Part 1 of the Real-Life IT Horror Stories Series
Editor’s note: In celebration of Halloween, we’ve asked a few of our instructors to share some of the horror stories from their own consulting careers. This four-part series includes tales of espionage, employee sabotage and website theft. Check back each day for a new post. Read on if you dare.
Almost every IT administrator, whether they work in storage, networking, servers, or clients, has a story about the Domain Name System (DNS) not functioning properly. I collect DNS horror stories like some people collect bottle caps.
The Case of the Disappearing Domain
I was working at a start-up company that had grown from a dozen people to about 80 employees in a couple of years. It was a busy time, Web traffic was picking up every day. And then one Wednesday, we noticed a dramatic drop in incoming email, and the hits on the website dropped like a rock. But not rock bottom. Frantically, I tested from the outside and inside. Everything was fine.
The vice president of engineering called me. Some important quotes and contract negotiations from our customers weren’t coming through. I sent test messages. All of mine went through. The chief financial officer stopped by my office. He had just gotten off the phone with an investor.
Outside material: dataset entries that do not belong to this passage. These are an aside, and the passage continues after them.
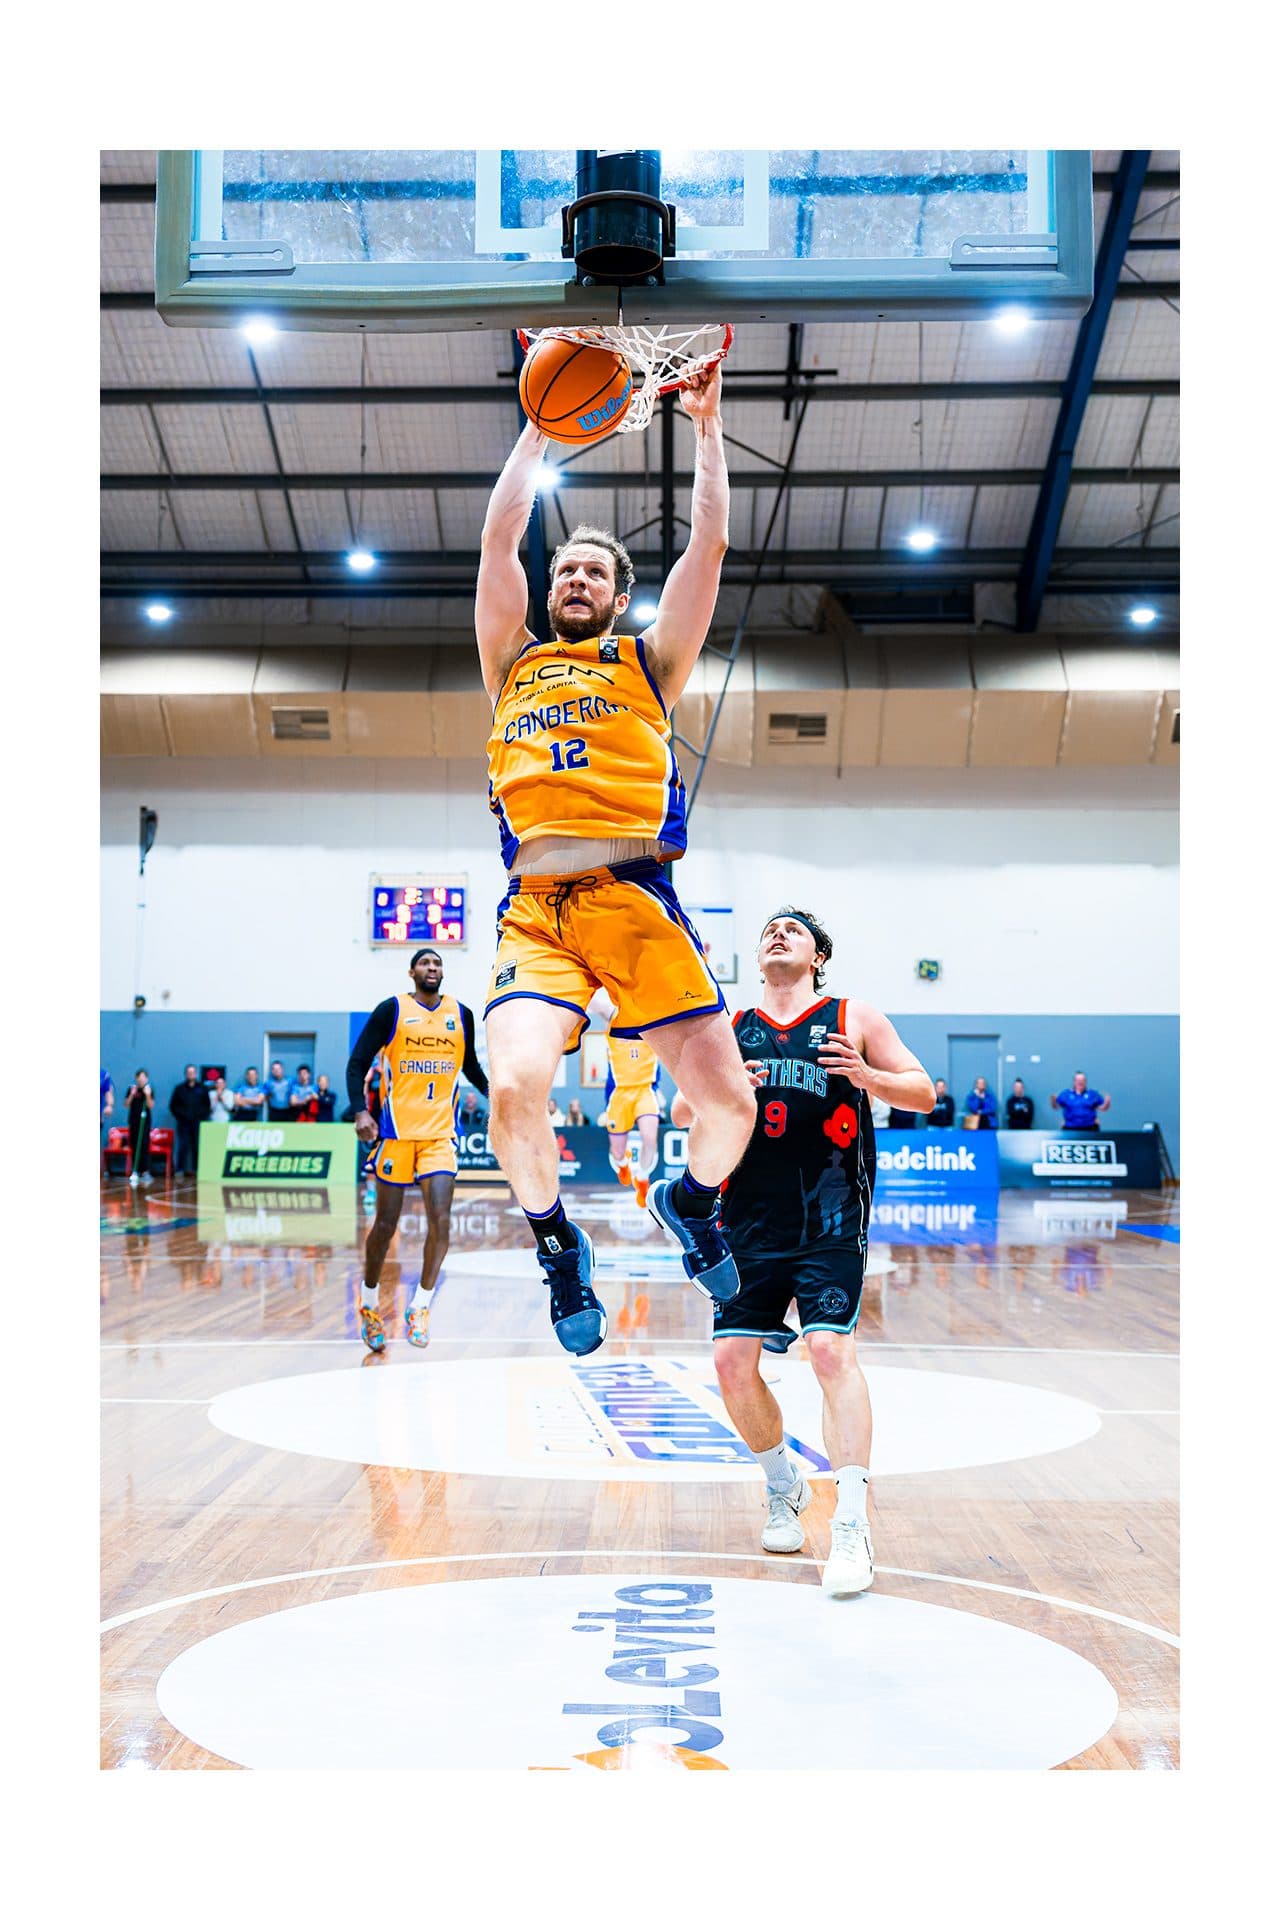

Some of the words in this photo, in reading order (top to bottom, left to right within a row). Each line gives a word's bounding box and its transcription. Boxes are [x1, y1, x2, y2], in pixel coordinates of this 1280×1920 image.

[514, 664, 615, 695] NCM
[549, 738, 590, 773] 12
[405, 1036, 455, 1047] NCM
[426, 1081, 434, 1100] 1
[764, 1101, 787, 1138] 9
[226, 1124, 285, 1156] Kayo
[229, 1156, 324, 1173] FREEBIES
[1048, 1145, 1108, 1163] RESET
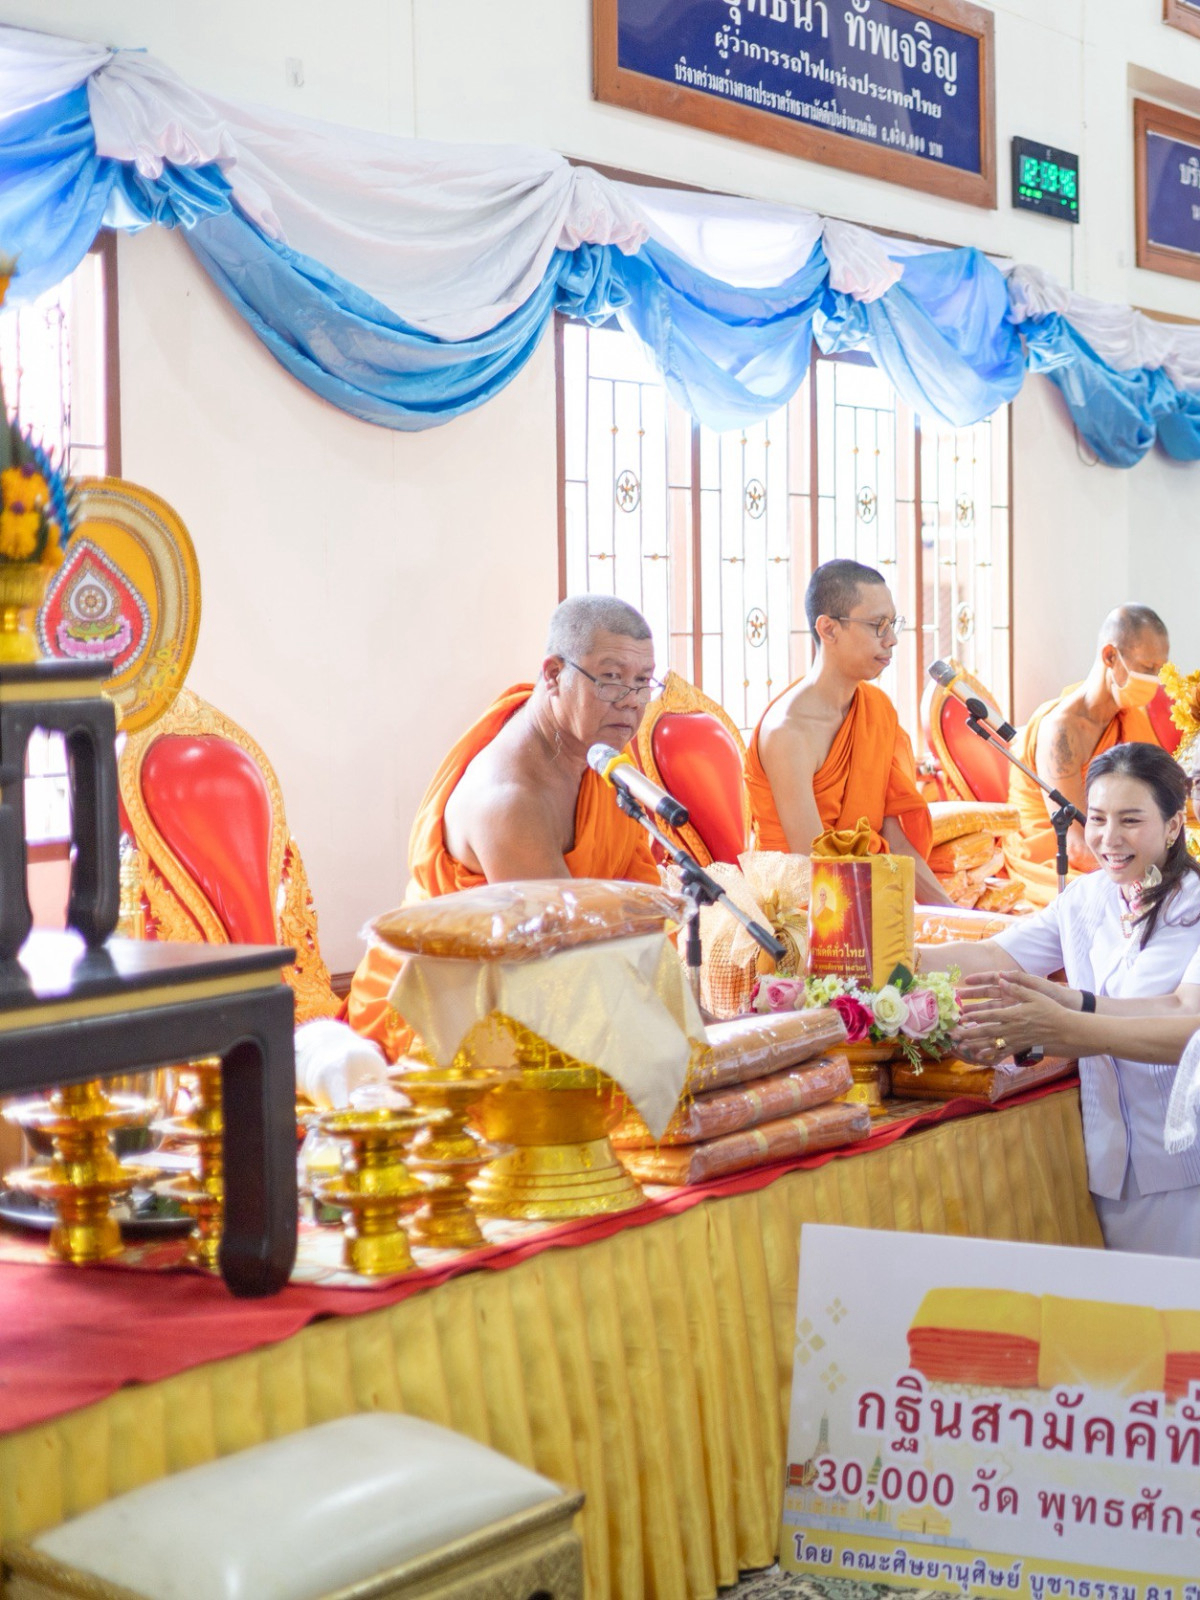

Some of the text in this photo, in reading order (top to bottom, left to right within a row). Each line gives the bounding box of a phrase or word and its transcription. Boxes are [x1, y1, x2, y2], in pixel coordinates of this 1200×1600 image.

[715, 25, 942, 118] ผู้ว่าการรถไฟแห่งประเทศไทย
[817, 1458, 955, 1506] 30,000
[972, 1467, 1019, 1515] วัด
[794, 1535, 832, 1564] โดย
[841, 1550, 1023, 1592] คณะศิษยานุศิษย์
[1029, 1573, 1136, 1600] บูชาธรรม
Our website was down, and we weren’t receiving emails from them. Then the CEO was in my office.
My sweaty fingers were wildly typing frantic magic incantations, desperately struggling to resuscitate our presence and existence in the networked world. We were slipping away. Hour by hour it was getting worse. And then nothing. Our network communications flatlined. All inbound communications had ceased. Yet we could still ping out. No one could get into our business. We were dead.
That was the painful day that I discovered the agony and defeat that having someone buy your domain name out from under you can cause. I knew the network was solid and working at the Internet Protocol level. We could get out to the rest of the world with the exception of PTR record authentications for outbound email that had begun to fail to some destinations. I discovered that another registrar had allowed some company to register the domain name we already “owned.” Our company name was stolen out from under us.
You might not think that DNS is a dangerous business that involves theft, espionage, sabotage, or outright hacker malice with no competitive angle. I know of several other second-hand occurrences of domain theft, including people having to file certification of their right to their business name, and other cases that went to court. But I have never had it happen to me again directly. We got our domain back, though it took several days for the email and Web services to start flowing fully again. I am now sure to lock in the registration so that no one can unregister the domain names of my business or those of my clients. Please be safe and always protect yourself.
Not-So-Active Directory
Domain names are everywhere—on billboards, radio, television, web videos, Skype, Lync, business cards and any other kind of communications. To have a DNS is to be able to communicate in business and personal aspects of life. All internal computer-based business operations, and all Internet-based and personal communications depend on the Domain Name System. Even being able to log in to computers with Active Directory, depends on DNS. Servers also need to log into their computer accounts in Active Directory and that depends on a properly functioning DNS too.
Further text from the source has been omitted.